“Hi,” I greeted the woman, keeping on the brightest smile I could manage without pulling a facial muscle. “The children are safe. His Majesty entertained them with hisgift.”
I figured framing the curse as a gift would make it sound less threatening.
“Oh, they entertained me too,” Kye chimed in good-naturedly.
“Your Majesty...” The woman bowed quickly, clearly torn between showing respect to her monarch and getting the hell out of here and away from him.
She turned to me and stopped, clearly unsure how to address me.
“I’m Maren. How do you do?” I introduced myself, offering her a hand that she didn’t take.
Instead, the woman lifted her daughter into her arms and clutched her to her chest tightly, as if she had just wrestled her free from some ferocious beast.
“Mommy, do you want to see my rock?” Leela twisted in her mother’s arms.
But the woman wouldn’t take her eyes off Kye, as if doing so would unleash his curse on her and her family too. Pressing her daughter to her, she carefully backed away from us.
“Later, baby,” she said. “We’ll look at it later. Come on, boys. Your parents are expecting you home too by now.”
Ushering the kids with her, the woman fled without even saying goodbye.

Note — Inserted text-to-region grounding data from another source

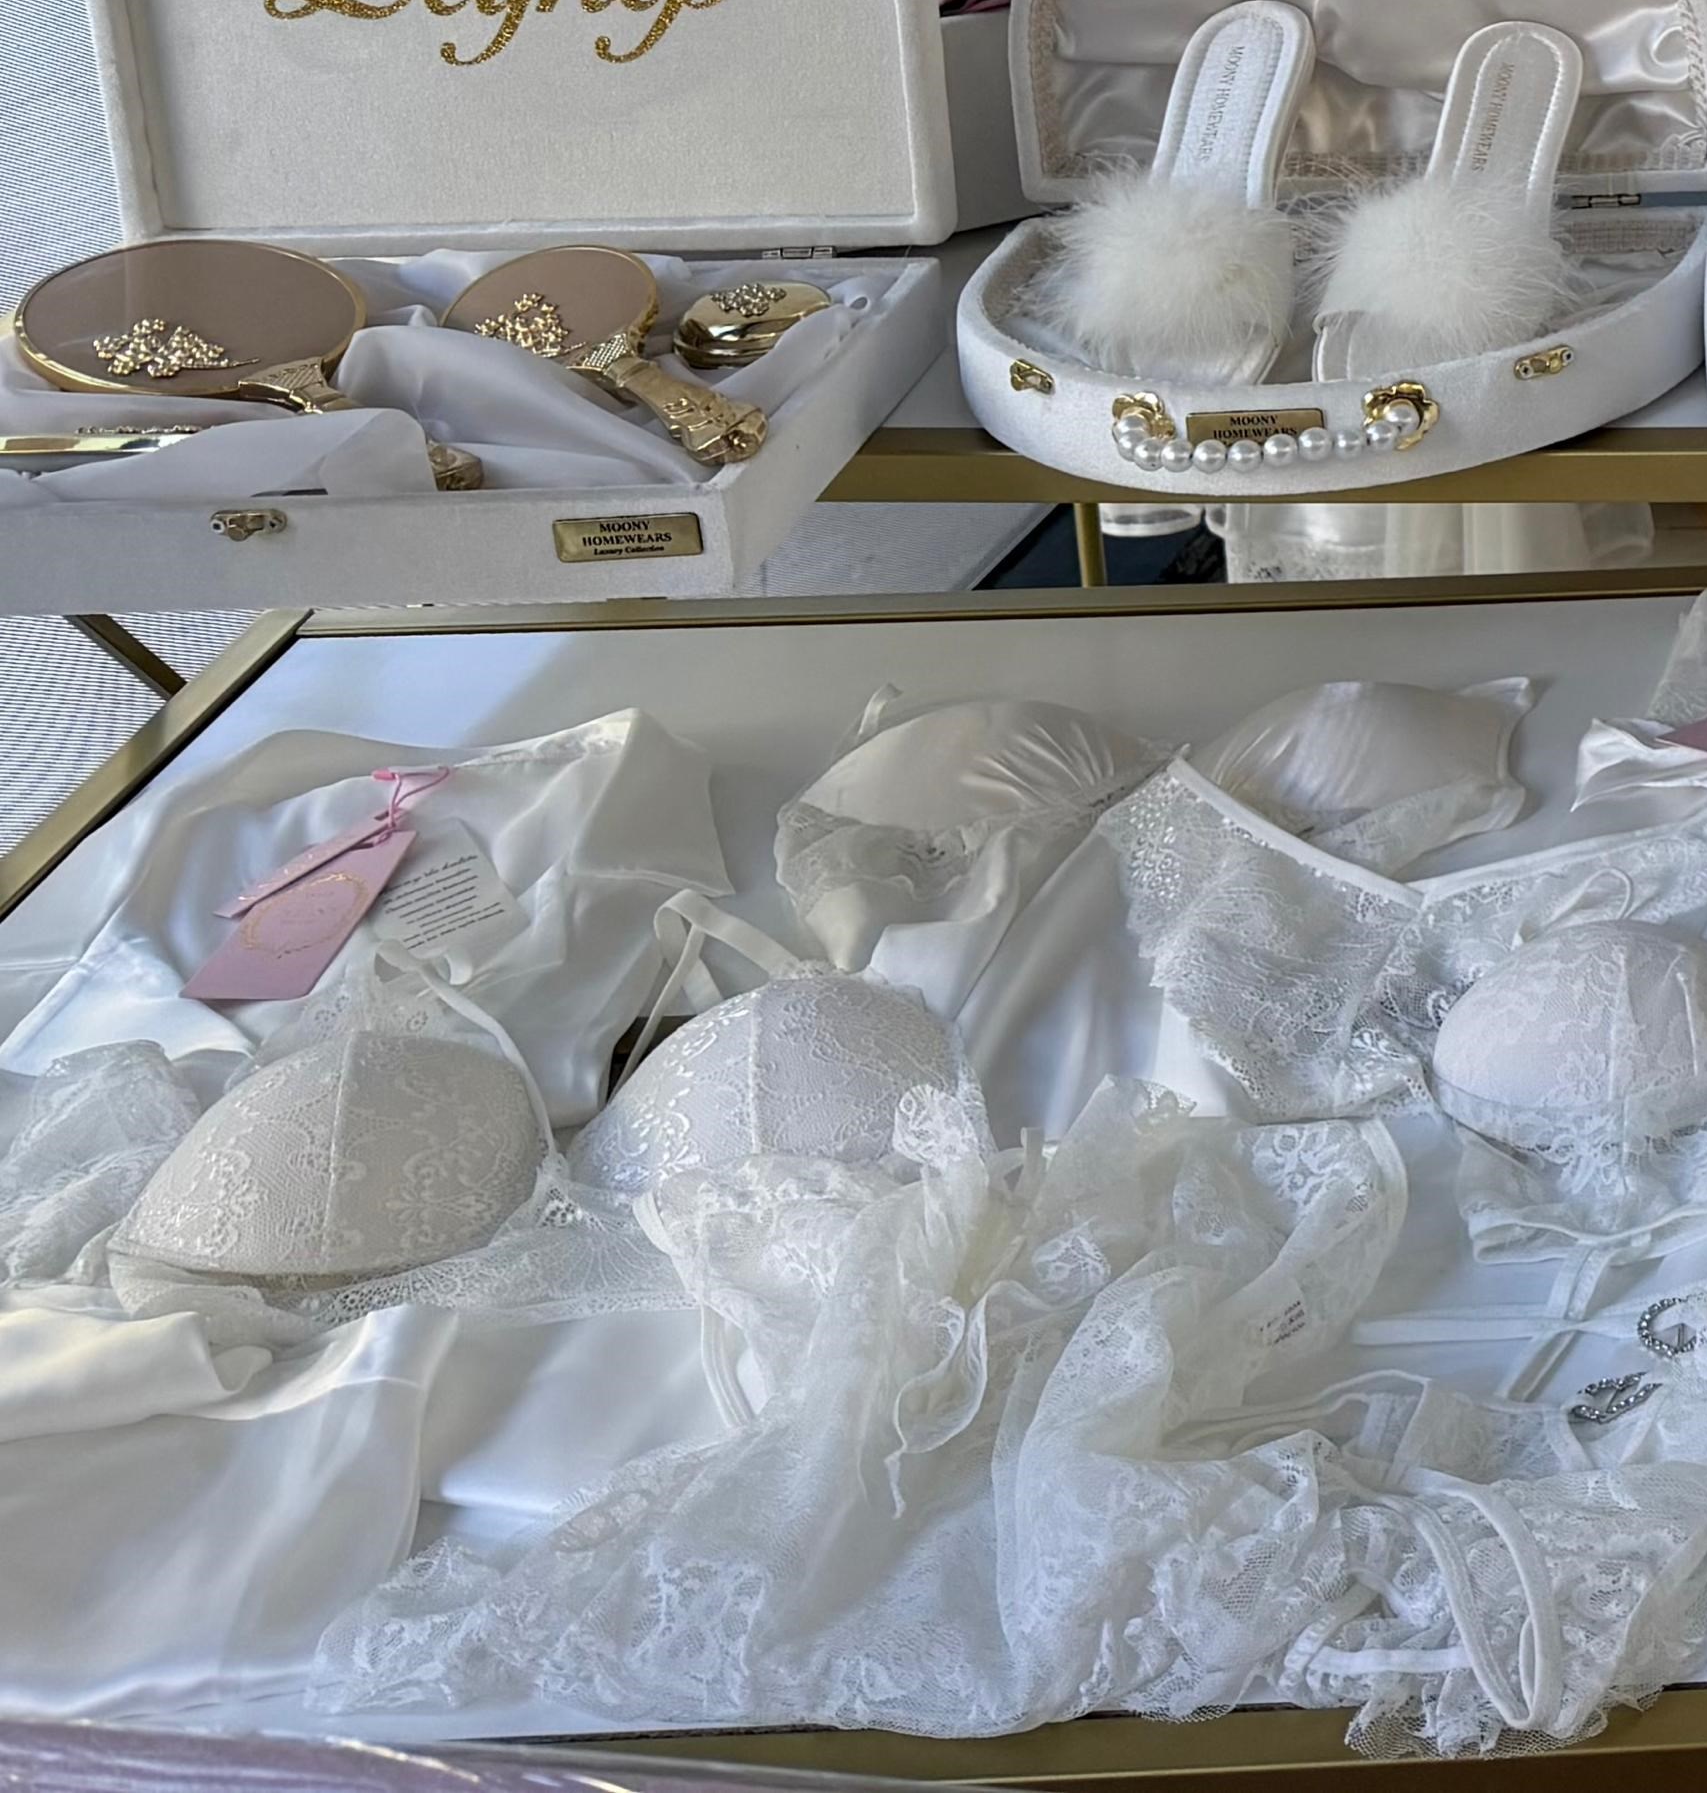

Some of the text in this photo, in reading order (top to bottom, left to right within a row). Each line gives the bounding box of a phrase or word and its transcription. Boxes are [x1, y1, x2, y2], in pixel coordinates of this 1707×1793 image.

[1219, 46, 1246, 91] MOONY
[1471, 62, 1515, 173] MOONY HOMEWEARS
[1229, 415, 1278, 426] MOONY
[1213, 428, 1298, 440] HOMEWEARS
[599, 521, 650, 533] MOONY
[582, 533, 672, 547] HOMEWEARS
[594, 545, 664, 556] Luxury Collection
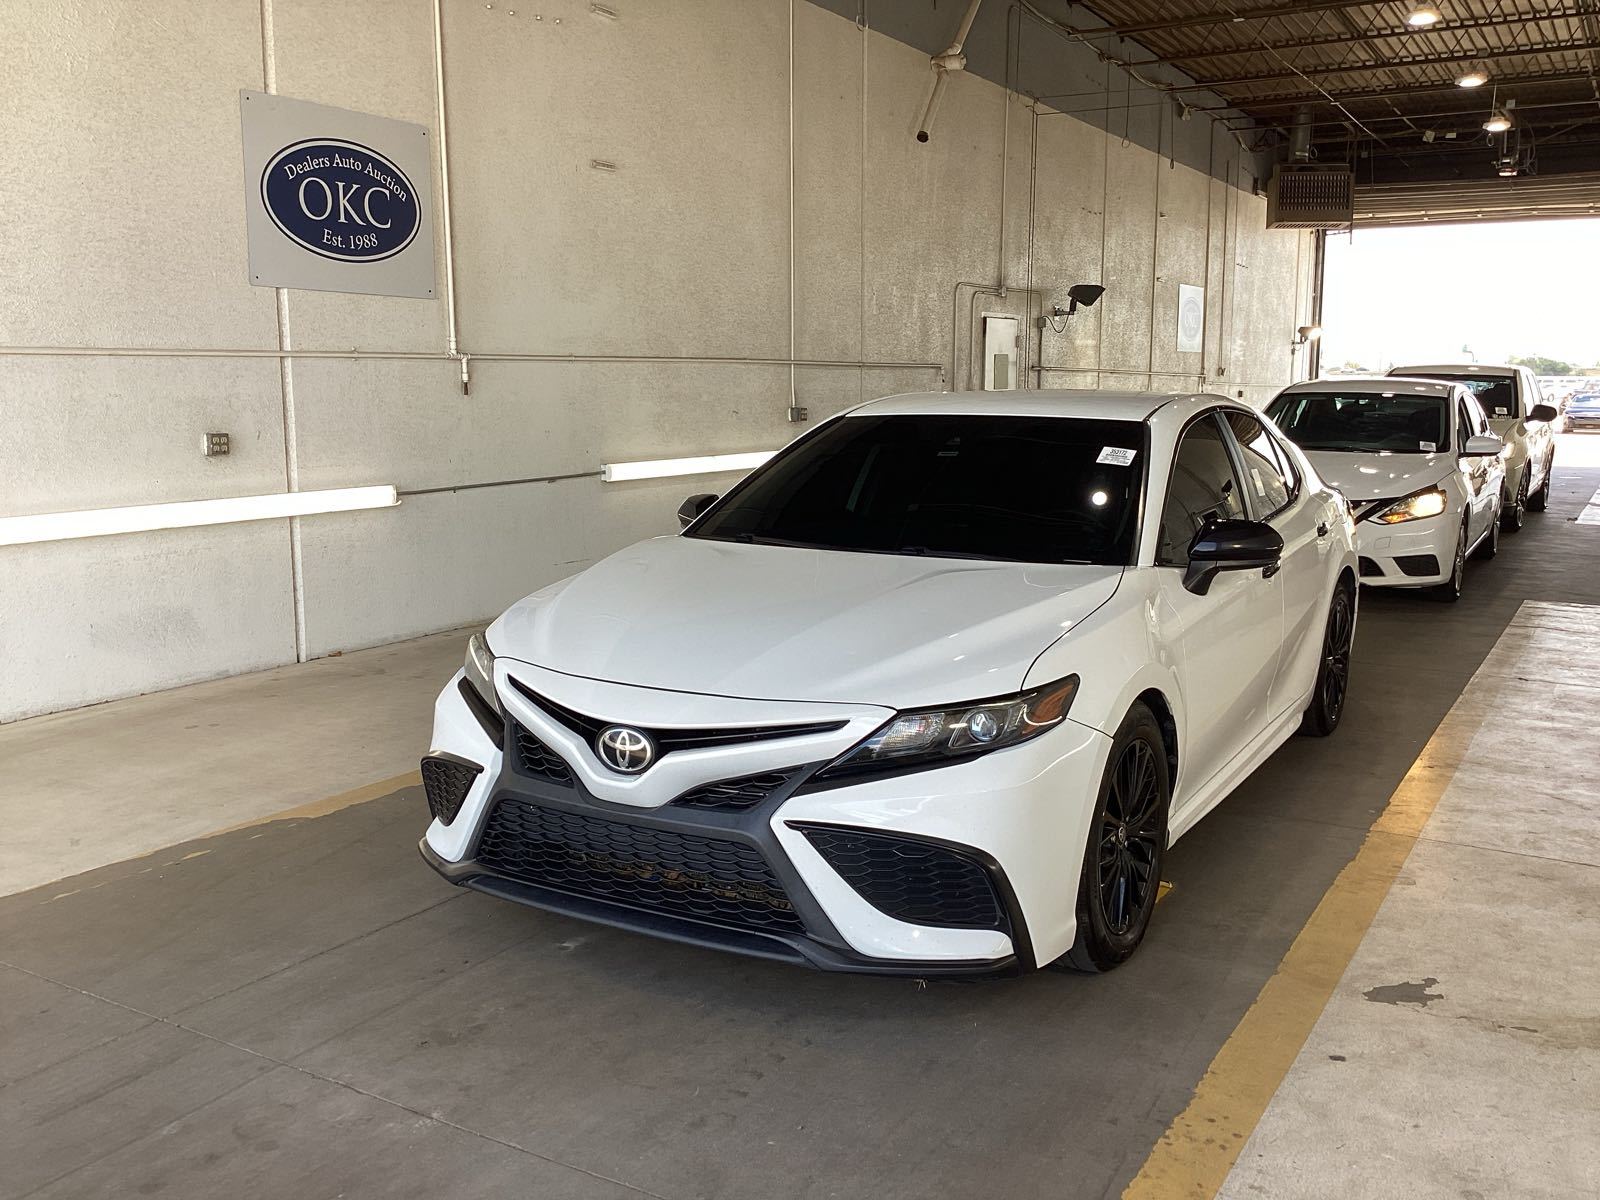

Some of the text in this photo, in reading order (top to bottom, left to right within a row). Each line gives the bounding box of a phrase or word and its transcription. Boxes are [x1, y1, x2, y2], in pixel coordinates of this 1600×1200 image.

“Women used to flock to me instead of fleeing from me.” Kye lamented dramatically. “I must’ve lost my charm. Or is there something wrong with my looks?” He turned to me with an impish smile that failed to mask the sadness in his eyes.

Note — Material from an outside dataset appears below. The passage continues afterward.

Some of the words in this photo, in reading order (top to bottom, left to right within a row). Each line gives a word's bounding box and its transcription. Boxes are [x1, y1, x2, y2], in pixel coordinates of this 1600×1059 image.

The dying sunset streaked his hair with gold and burgundy. His brilliant eyes sparkled with the magic he was born with as well as with the one he’d been cursed with. A soft shimmer highlighted the dips and valleys of his perfect body, making his pale skin appear nearly translucent, ethereal. His appearance was unusual, without a doubt. But to me, it had the allure of a dream, far from the horror of a nightmare.
“I really wish there was,” I attempted a joke, but it came out too earnestly to be funny.

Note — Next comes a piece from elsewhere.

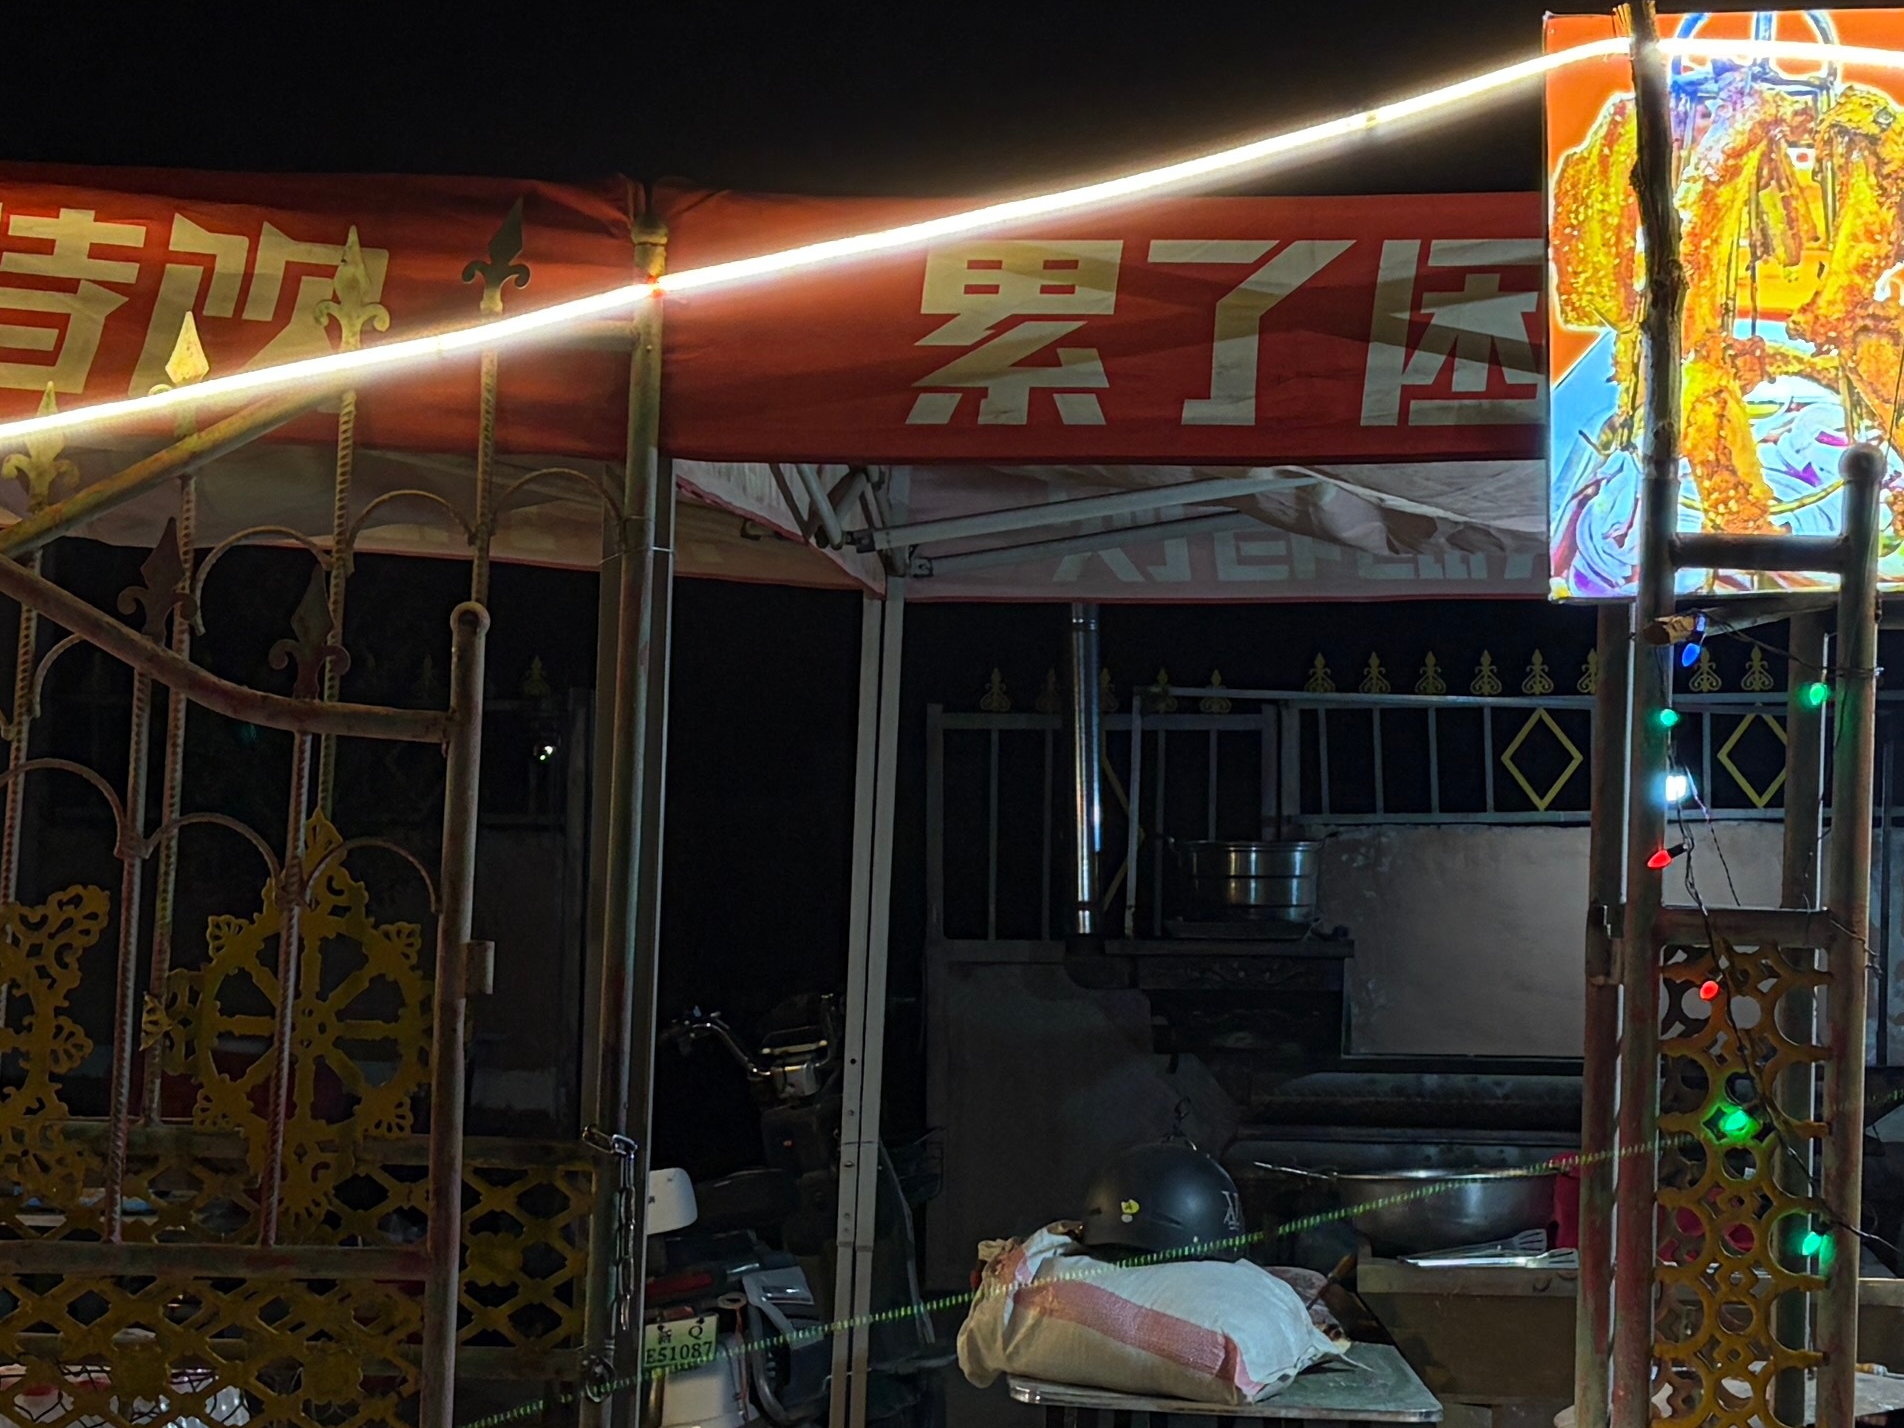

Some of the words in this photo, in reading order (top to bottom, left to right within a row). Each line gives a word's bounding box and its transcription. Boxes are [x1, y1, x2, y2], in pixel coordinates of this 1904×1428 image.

[905, 239, 1547, 428] 累了困
[646, 1341, 713, 1365] E51087

It disturbed me how easily I’d learned to read him, how deeply I sympathized with his sorrow, and how much I was drawn to him.
Running a hand through my hair, I turned toward the ocean to break the spell that looking and thinking about him tended to put me under.
A group of male sirens ran past me toward the water, laughing without a care in the world. The last of the group suddenly hugged my waist.
“Dance with me, beautiful,” he said in a soft, melodious voice that instantly put me at ease.
A low growl rumbled from Kye’s direction. But it only made me focus more on the other siren’s offer. He was a distraction. Someone who could possibly pull my mind out of the haze created by Kye.
I turned to face the man at my side. He had bright cerulean eyes, sun-bronzed skin, and an unruly mop of arctic-blue curls mussed by the ocean breeze.
“I can’t dance like that.” I tipped my head toward the siren’s friends who already twirled and jumped in the waves.
He narrowed those insanely bright eyes at me. “Ah, you’re not a siren, are you? A werewolf? I’ve never been to Sarnala. Only merchants risk going there now after Prince Kye’s carnage.”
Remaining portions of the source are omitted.